November
11
JOY
HARJO, a member of the Muscogee (Creek) Nation of Oklahoma, has
published five books of poetry, including She Had Some Horses,
In Mad Love and War, and The Woman Who Fell From the Sky.
She also wrote Secrets from the Center of the World in
collaboration with photographer/astronomer Stephen Strom, and
a collection of interviews, The Spiral of Memory. She is
co-editor of Reinventing the Enemy's Language: Contemporary
Native Women's Writings of North America.

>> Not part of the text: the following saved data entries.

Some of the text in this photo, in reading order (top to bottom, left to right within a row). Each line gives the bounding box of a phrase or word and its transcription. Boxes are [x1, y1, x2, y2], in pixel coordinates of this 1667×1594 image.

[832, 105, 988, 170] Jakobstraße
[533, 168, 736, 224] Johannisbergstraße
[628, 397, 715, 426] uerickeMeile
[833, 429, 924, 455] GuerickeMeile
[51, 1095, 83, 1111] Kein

Harjo has three
books forthcoming-The Goodluck Cat, a children's book;
A Love Supreme, a book of personal essays; and a book of
poetry, A Map to the Next World, from which she will read,
with other work, at Seton Hall.
Joy
Harjo was the narrator for The Native Americans series
on TBS and more recently, Navajo Codetalkers for National
Geographic, which won an Emmy. She performs nationally and internationally
with her band Poetic Justice, for which she plays the saxophone.
Of
Reinventing the Enemy's Language, Alice Walker wrote, "[It]
is a book I have been yearning for all my life. I sat before a
blazing fire, reading this gift: enthralled, enchanted, in tears,
in happiness and hope for four days."
Joy
Harjo received the Lifetime Achievement Award from the Native
Writers' Circle of the Americas and lives in Albuquerque, New
Mexico.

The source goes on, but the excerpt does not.